Ho effettuato avulsioni, ricostruzioni in amalgama d’argento, in resina composita, ho preparato monconi, ho scollato lembi ed effettuato detartrasi: in tutti questi casi era possibile controllare visivamente l’area di lavoro ( gengiva, moncone, cavità da otturare etc. etc.) e dunque era possibile verificare direttamente il mio operato contestualmente al suo svolgimento.
Non lo stesso accadeva per l’endodonzia.
Nonostante la radiologia, gli ingrandimenti e il microscopio, l’endodonzia degli ultimi millimetri è quasi sempre “al buio” (specialmente nei molari…) nel senso che non abbiamo ad esempio la possibilità di seguire direttamente il lavoro di un k-file che lima nel terzo apicale.
Questa sostanziale differenza rispetto alle altre branche odontoiatriche, insieme alla grande variabilità e complessità anatomica del sistema dei canali radicolari fece nascere in me una grande attrazione verso questa disciplina così misteriosa ed affascinante.
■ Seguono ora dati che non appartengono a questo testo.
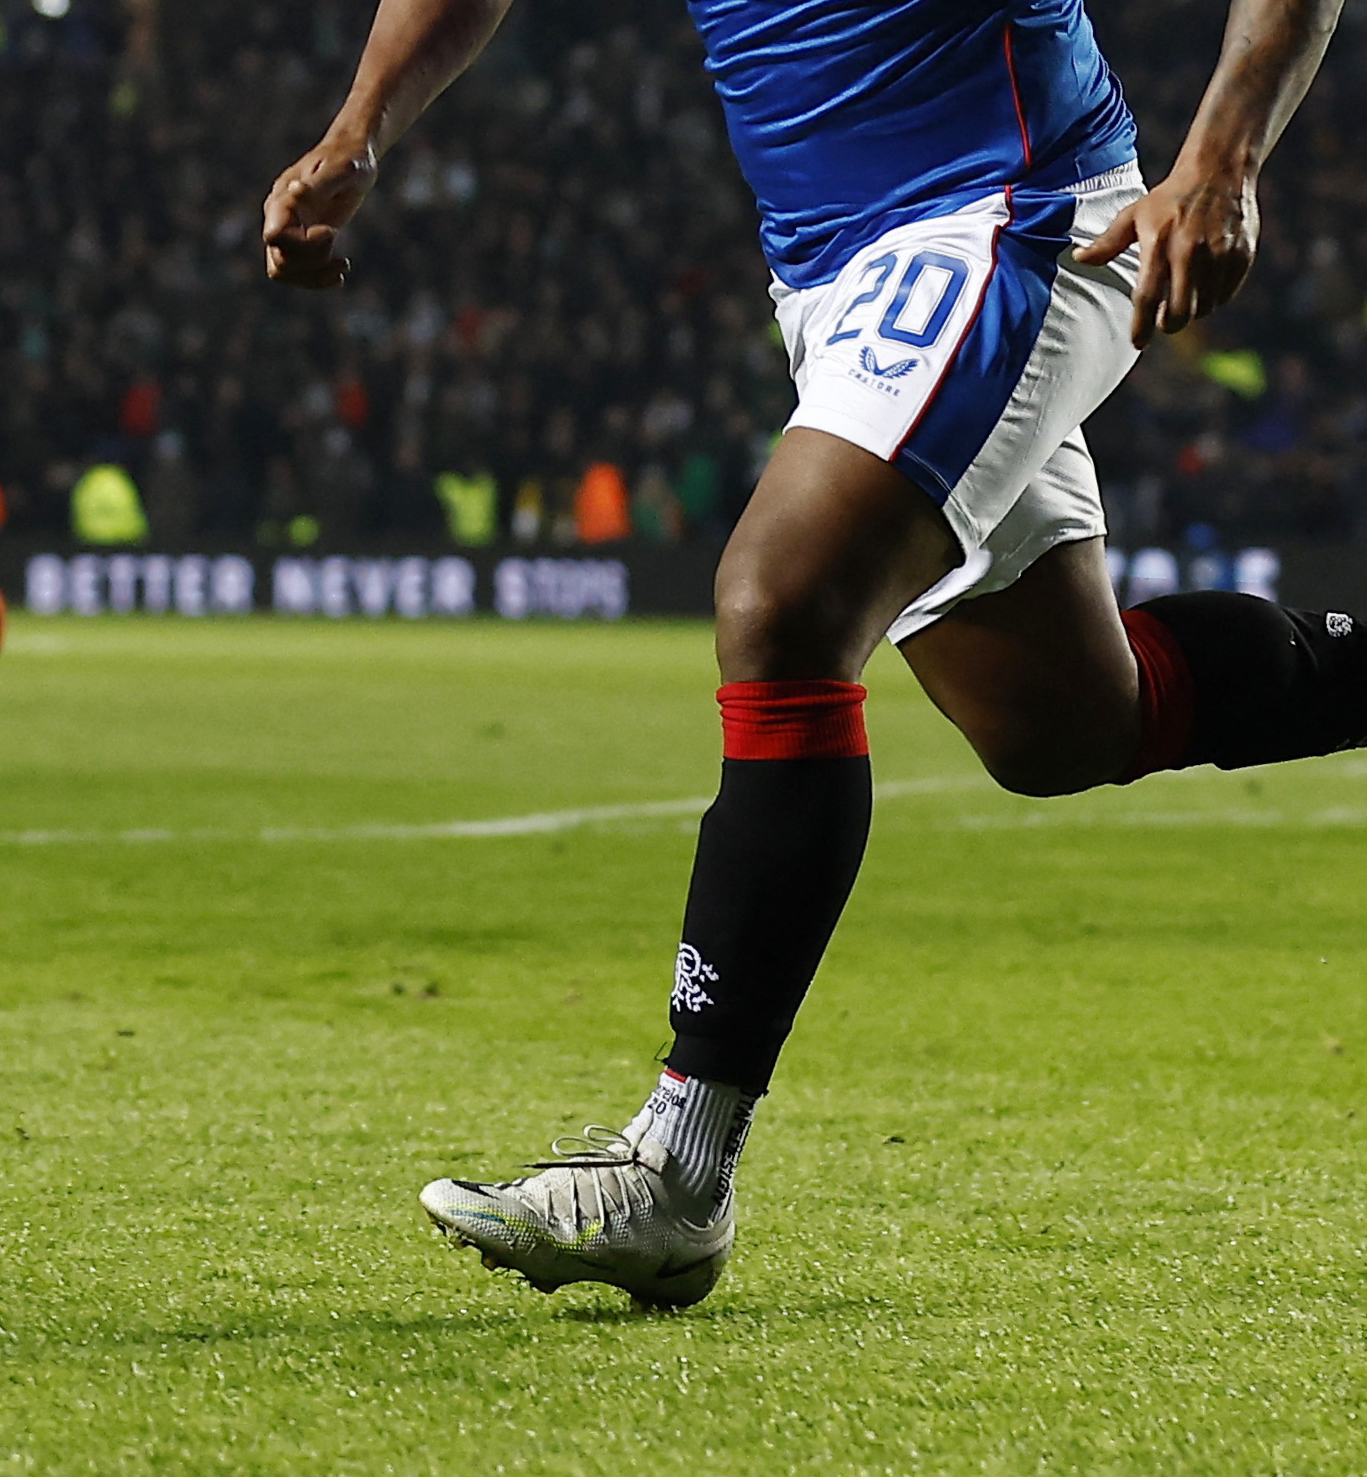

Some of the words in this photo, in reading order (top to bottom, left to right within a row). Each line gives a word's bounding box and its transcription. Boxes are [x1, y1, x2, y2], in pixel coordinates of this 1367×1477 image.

[827, 249, 972, 350] 20
[27, 554, 254, 616] BETTER
[273, 556, 475, 617] NEVER
Decisi di dedicarmi completamente all’endodonzia.
Con il passare del tempo mi sono convinto di come la pratica endodontica sia una quotidiana sfida ad una micro-anatomia nascosta e imprevedibile: forse è proprio questo il bello dell’endodonzia!
Attualmente, dopo svariati anni di endodonzia, ho ben chiaro il concetto di complessità anatomica e mi sembra riduttivo che a tale proposito si parli unicamente di canali stretti o curvi o lunghi.
DEFINIZIONE DI CASO COMPLESSO
Il caso complesso è quel caso che non è possibile trattare meccanicamente fino al forame ma che negli ultimi millimetri, a causa di una grande irregolarità del tragitto canalare, può essere solo occasionalmente (e con molta fortuna!) sondato da lime sottili; richiede pertanto, in quegli ultimi millimetri, unicamente un trattamento biochimico.
Mi sembra doveroso precisare che pressoché nel 99% dei casi è possibile trattare i canali fino al forame con strumenti manuali e rotanti e che dunque l’incidenza di questi casi davvero complessi è fortunatamente molto bassa.
Il caso complesso può essere diagnosticato pre-operatoriamente a mezzo dell’esame radiografico che talora rivela profili radicolari non comuni oppure lumi canalari che improvvisamente si assottigliano e spariscono .
Molto più frequentemente ci si accorge intra-operatoriamente della complessità anatomica nel momento in cui neanche la lima più sottile riesce a raggiungere il forame apicale.
Lo scenario in quest’ultimo caso è il seguente: eliminate le interferenze coronali collego al rivelatore elettronico una lima 0.6 pre-curvata e con movimento di caricamento di orologio tento di raggiungere il forame.
Non riuscendovi, estraggo la lima e osservo la deformazione plastica impostagli dal tragitto canalare: è facile dedurre che la sottile lima 0.6 ha dovuto attraversare doppie o triple curve in diverse direzioni dello spazio prima di arrestarsi, magari a pochi centesimi di millimetro dal forame.
Ecco un caso complesso!
In passato, a questo punto, introducevo altre lime 0.6 nel tentativo-sempre più disperato di raggiungere il forame e speravo con tutto il cuore che ad un bel momento il mio rivelatore elettronico, compagno di tante battaglie, trasformasse il suo suono da intermittente in continuo dicendomi: “ Sei arrivato!”.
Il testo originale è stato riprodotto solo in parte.